- Problem details: Go through the entries and transcribe each one exactly, dropping the pictures.
── Data listing
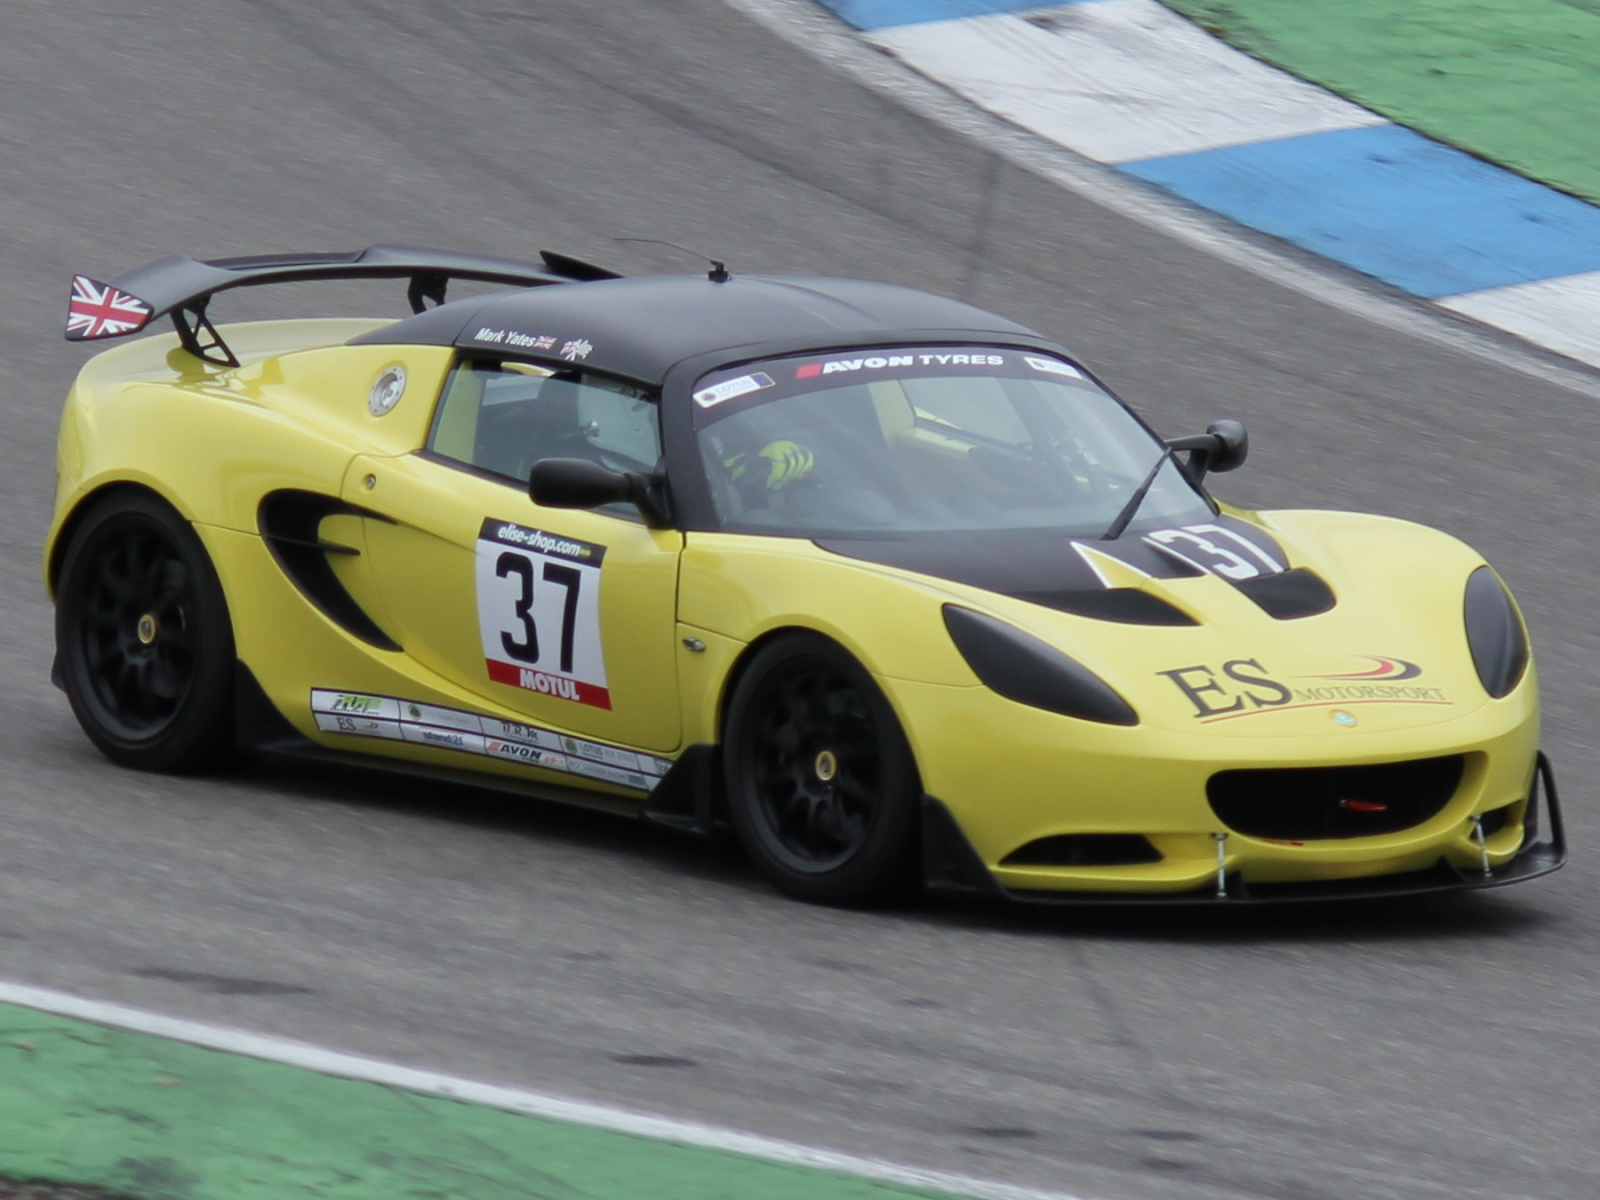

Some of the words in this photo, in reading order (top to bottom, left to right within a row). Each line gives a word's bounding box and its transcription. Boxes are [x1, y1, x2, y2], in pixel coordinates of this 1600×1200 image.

[474, 327, 505, 343] Mark
[505, 331, 537, 348] Yates
[822, 354, 913, 374] AVON
[918, 354, 1004, 366] TYRES
[498, 524, 580, 557] elise-shop.com
[1148, 524, 1285, 580] 37
[496, 551, 581, 674] 37
[520, 668, 580, 701] MOTUL
[1155, 658, 1293, 719] ES
[1293, 685, 1447, 702] MOTORSPORT
[336, 717, 356, 732] ES
[500, 744, 542, 759] AVON
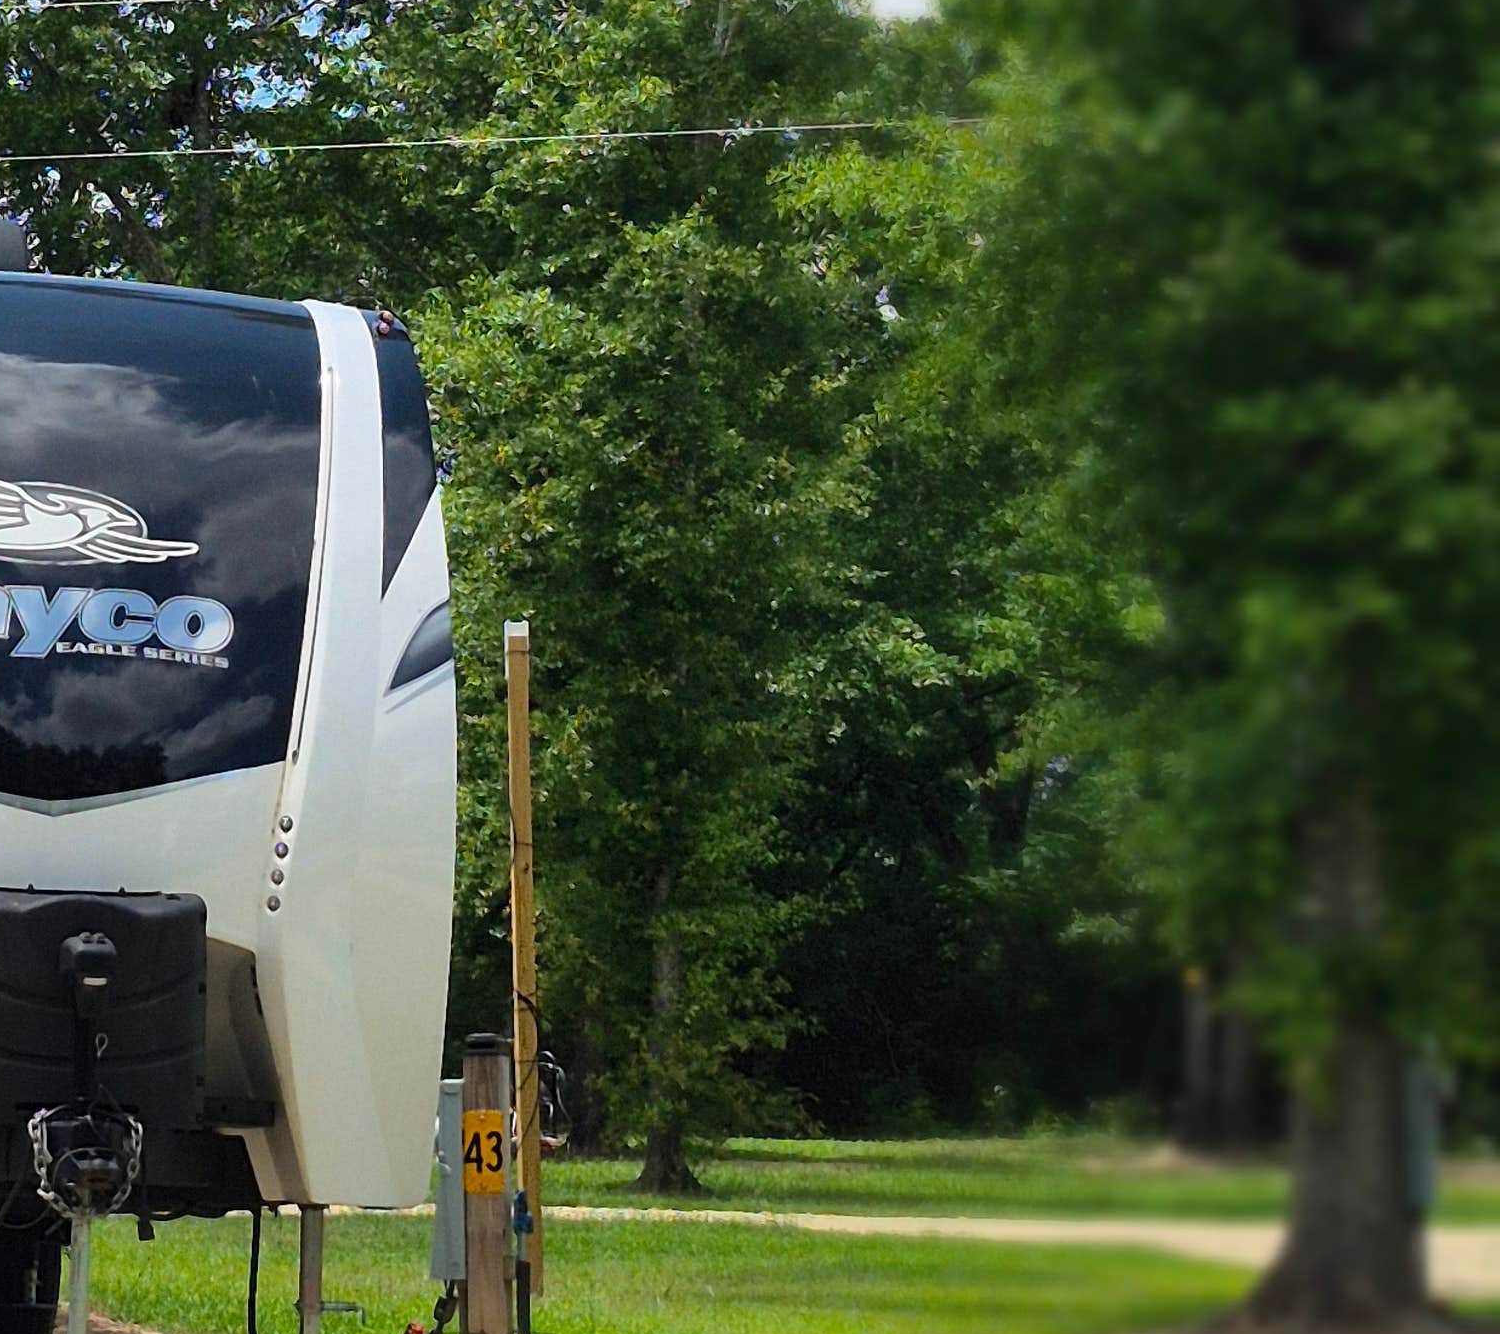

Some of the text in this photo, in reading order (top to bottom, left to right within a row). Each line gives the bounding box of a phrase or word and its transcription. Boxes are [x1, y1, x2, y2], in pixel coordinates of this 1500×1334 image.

[56, 641, 229, 669] EAGLE SERIES
[464, 1131, 503, 1173] 43
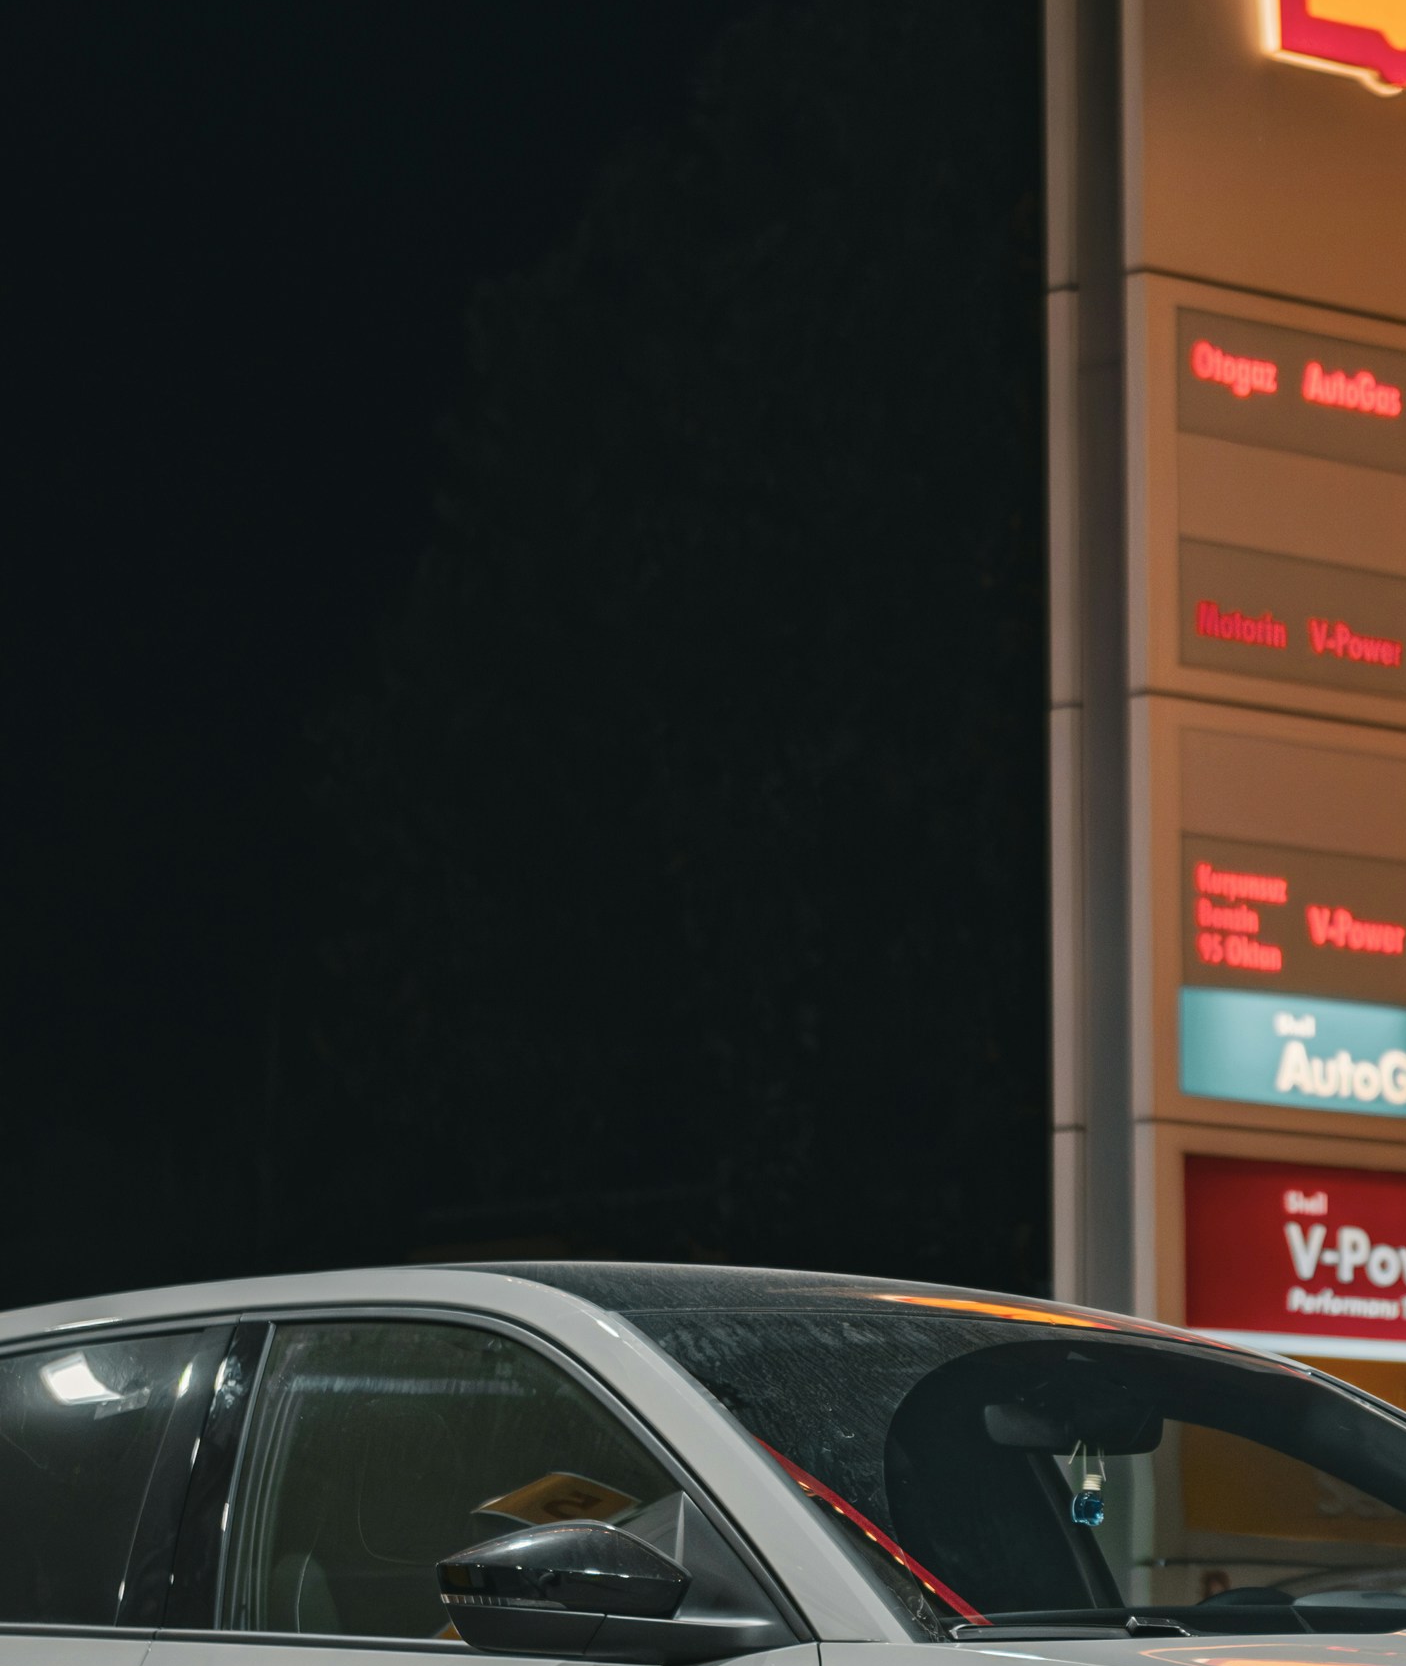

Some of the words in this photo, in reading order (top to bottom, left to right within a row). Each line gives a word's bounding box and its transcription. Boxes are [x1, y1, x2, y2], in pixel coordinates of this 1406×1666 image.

[1191, 341, 1278, 397] Otogaz
[1303, 361, 1402, 417] AutoGas
[1309, 618, 1402, 667] V-Power
[1307, 905, 1406, 955] V-Power
────
- Result of the exercise:
Some of the words in this photo, in reading order (top to bottom, left to right within a row). Each line gives a word's bounding box and its transcription. Boxes are [x1, y1, x2, y2], in pixel coordinates of this 1600×1200 image.

[474, 327, 505, 343] Mark
[505, 331, 537, 348] Yates
[822, 354, 913, 374] AVON
[918, 354, 1004, 366] TYRES
[498, 524, 580, 557] elise-shop.com
[1148, 524, 1285, 580] 37
[496, 551, 581, 674] 37
[520, 668, 580, 701] MOTUL
[1155, 658, 1293, 719] ES
[1293, 685, 1447, 702] MOTORSPORT
[336, 717, 356, 732] ES
[500, 744, 542, 759] AVON

Some of the text in this photo, in reading order (top to bottom, left to right within a row). Each line gives the bounding box of a phrase or word and its transcription. Boxes are [x1, y1, x2, y2], in pixel coordinates of this 1500×1334 image.

[56, 641, 229, 669] EAGLE SERIES
[464, 1131, 503, 1173] 43

Some of the words in this photo, in reading order (top to bottom, left to right within a row). Each line gives a word's bounding box and its transcription. Boxes are [x1, y1, x2, y2], in pixel coordinates of this 1406×1666 image.

[1191, 341, 1278, 397] Otogaz
[1303, 361, 1402, 417] AutoGas
[1309, 618, 1402, 667] V-Power
[1307, 905, 1406, 955] V-Power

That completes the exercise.